Extranodal NK/T cell lymphoma, nasal type (ENKTCL) is usually composed of medium- to large-sized lymphoid cells showing prominent angiotrophism and tumour cell necrosis. We report 13 cases composed predominantly of small lymphocytes diagnosed in the United States and Western Europe.

Methods and results:

Patients included seven females and six males aged 17–75 years. Ten presented with sinonasal and three with buccal disease. Nine had stage IE/IIE and four had stage IV disease. In five of seven patients with multiple biopsies at different time-intervals, the lymphoma was misinterpreted as representing chronic inflammation on an earlier biopsy. In all cases morphology showed a dense infiltrate of small lymphoid cells with minimal cytological atypia. Necrosis, angioinvasion and angiodestruction were each seen in 17%, 22% and 17% of biopsies.

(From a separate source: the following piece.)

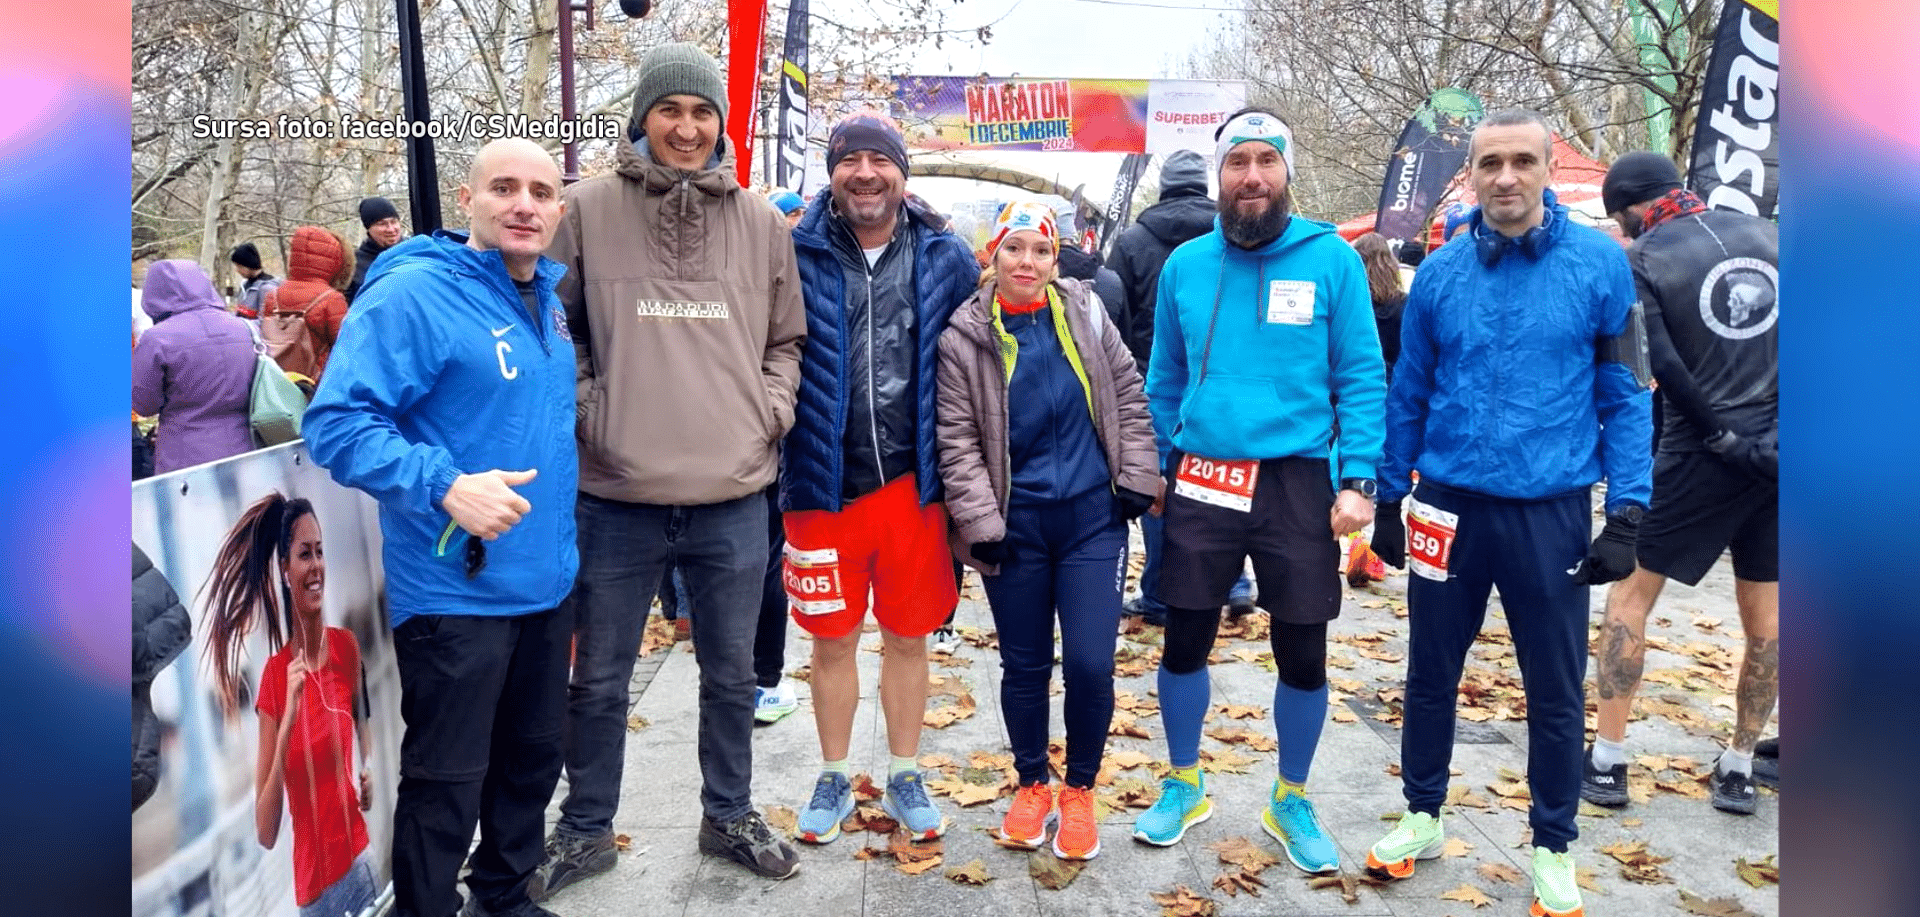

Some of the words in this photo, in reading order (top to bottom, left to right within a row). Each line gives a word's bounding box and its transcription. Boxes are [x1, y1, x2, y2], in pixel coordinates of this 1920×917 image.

Median Ki67 was 5%. Four patients died of lymphoma 4–16 months after diagnosis, including three of four patients with stage IV disease; seven (54%) are alive with no evidence of disease at a median of 39 months; one patient with stage IV disease is alive at 10 months and one recurred at 17 months.

Conclusions:

In sinonasal biopsies with predominantly small lymphocytic infiltrates with admixed chronic inflammation, focal hypercellularity, focal surface ulceration or microscopic bone invasion by small lymphoid cells should alert pathologists to the possibility of small-cell predominant ENKTCL. Awareness of the full histological spectrum of ENKTCL, particularly in non-endemic areas, is important in avoiding a delay in diagnosis and ensuring timely initiation of therapy.